Tags: #Intriga, Policíaco

Veneno Mortal (22 page)

–Acabo de terminar, señora Hodges –dijo alegremente.

–Pues no sabía yo qué pensar –replicó la señora Hodges–. Como no he oído la máquina…

–Es que he estado tomando notas a mano –dijo la señorita Murchison.

Arrugó la página incompleta de la declaración y la tiró a la papelera junto con la que había empezado a mecanografiar de nuevo. Sacó de un cajón del escritorio una primera página correctamente mecanografiada, que ya tenía preparada a tal efecto, la añadió al resto del texto, metió el original y las copias solicitadas en un sobre, lo cerró, escribió la dirección de los señores Hanson & Hanson, se puso el sombrero y el abrigo y salió, despidiéndose con amabilidad de la señora Hodges en la puerta.

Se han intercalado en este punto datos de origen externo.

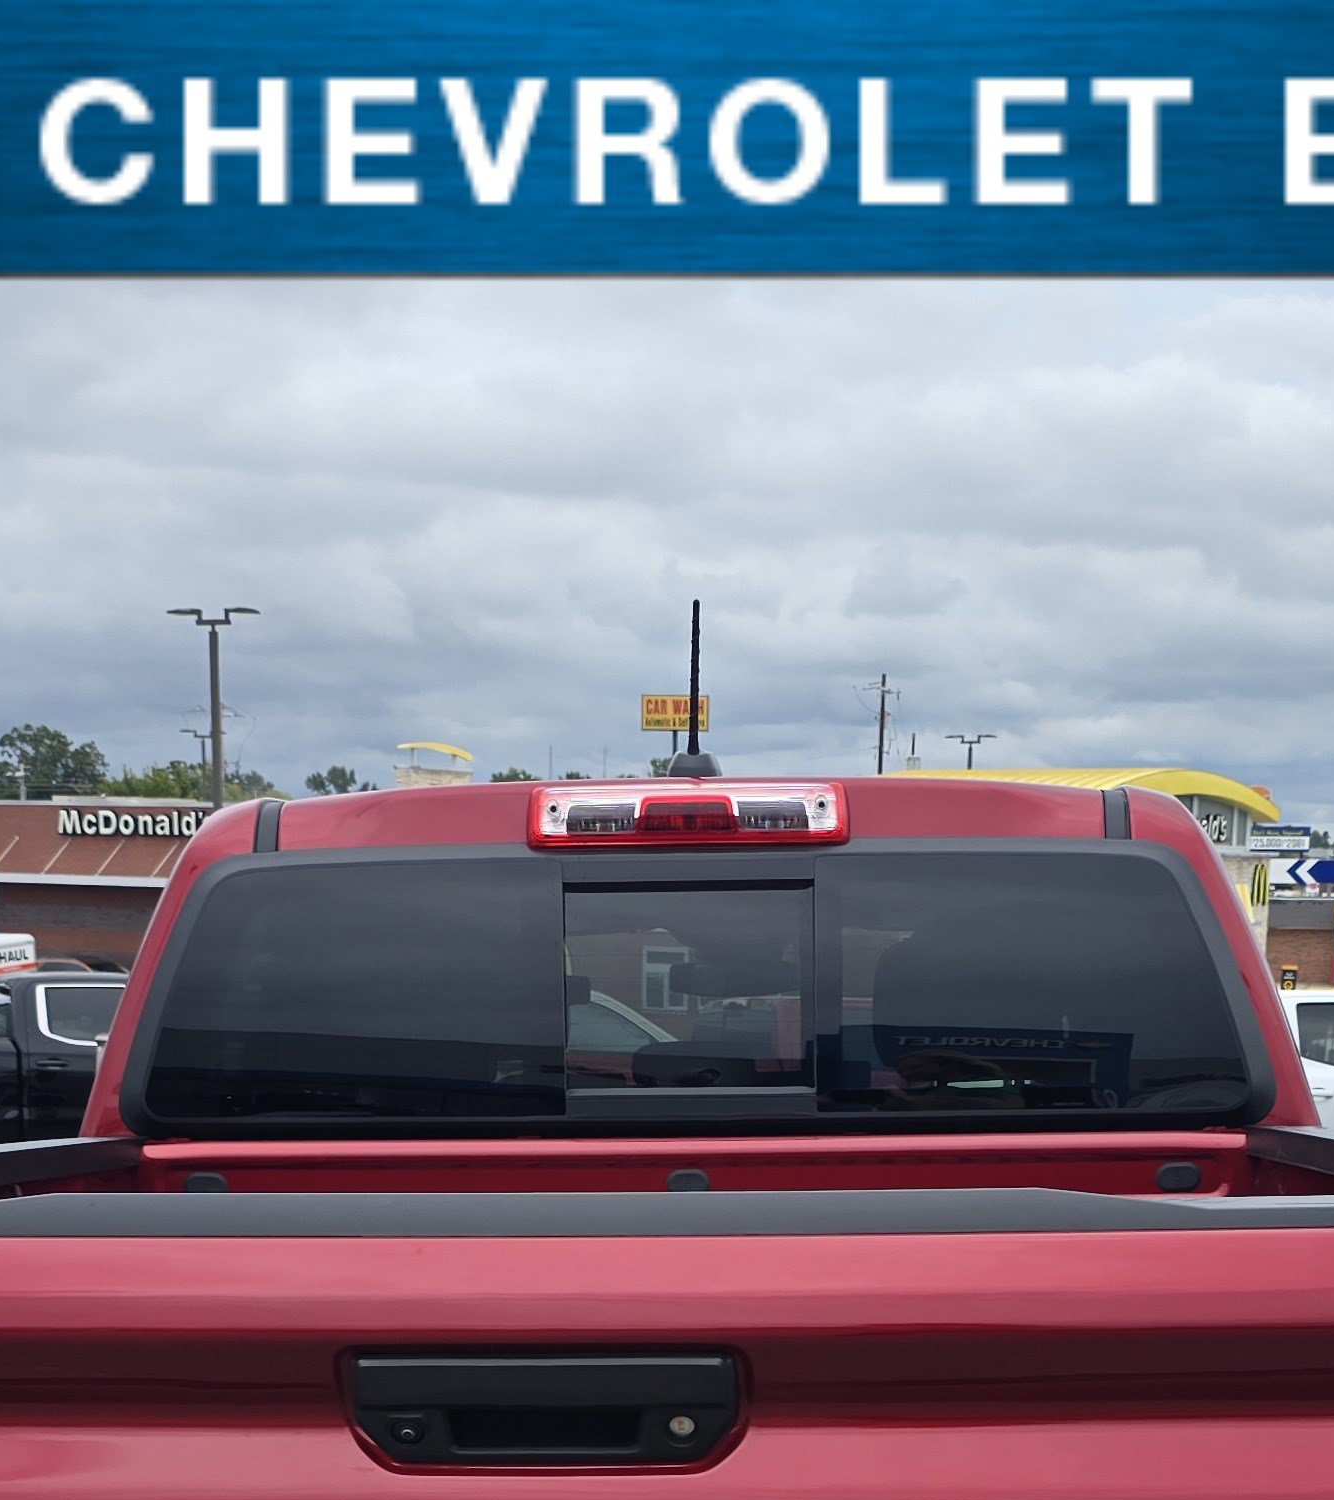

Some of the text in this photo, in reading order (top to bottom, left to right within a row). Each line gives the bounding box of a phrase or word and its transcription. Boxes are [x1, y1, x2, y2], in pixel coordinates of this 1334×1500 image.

Tras un corto paseo llegó a las oficinas de los señores Hanson, en cuyo buzón depositó la declaración. Después, con paso enérgico y tarareando, se dirigió a la parada de autobuses del cruce de Theobald’s Road y Gray’s Inn Road.

«Creo que me merezco una buena cenita en el Soho», pensó.

Mientras iba desde Cambridge Circus hasta Frith Street se puso otra vez a tararear. «Pero ¿qué es este espanto que estoy cantando?», se preguntó de repente. Tras cierta reflexión, cayó en la cuenta de que era «Entrando a raudales por las puertas, entrando a raudales por las puertas…». «¡Dios Santo! –se dijo–. Me estoy volviendo loca, eso es lo que pasa».

15

Lord Peter felicitó a la señorita Murchison y la invitó a un almuerzo muy especial en Rules, donde hay un excelente coñac añejo para quienes saben apreciar tales cosas. Al final, la señorita Murchison volvió un poco tarde al bufete del señor Urquhart, y con las prisas se le olvidó devolver las ganzúas, pero es que cuando el vino es bueno y la compañía agradable, no se puede estar pendiente de todo.

Con toda la fuerza de voluntad de la que pudo hacer acopio, Wimsey volvió a su casa para pensar, en lugar de salir disparado a la cárcel de Holloway. Aunque era una obra de caridad y de necesidad animar a la presa (y así era como justificaba sus visitas, casi diarias), no podía engañarse, y sabía que resultaría mucho más útil y caritativo demostrar la inocencia de Harriet. Y hasta el momento no había hecho grandes progresos.

La teoría del suicidio le había parecido muy esperanzadora cuando Norman Urquhart sacó a relucir el borrador del testamento, pero su fe en aquel borrador había sido socavada. Aún quedaba la vaga esperanza de rescatar el paquete de polvo blanco del Nine Rings, pero a medida que transcurrían los días, implacables, la esperanza disminuía, casi hasta el punto de desvanecerse. Le crispaba no estar participando en el asunto… Sentía enormes deseos de ir a Gray’s Inn Road, a interrogar, amenazar, sobornar o registrar a cualquiera o cualquier sitio que guardara relación con el bar, pero sabía que la policía lo haría mejor que él.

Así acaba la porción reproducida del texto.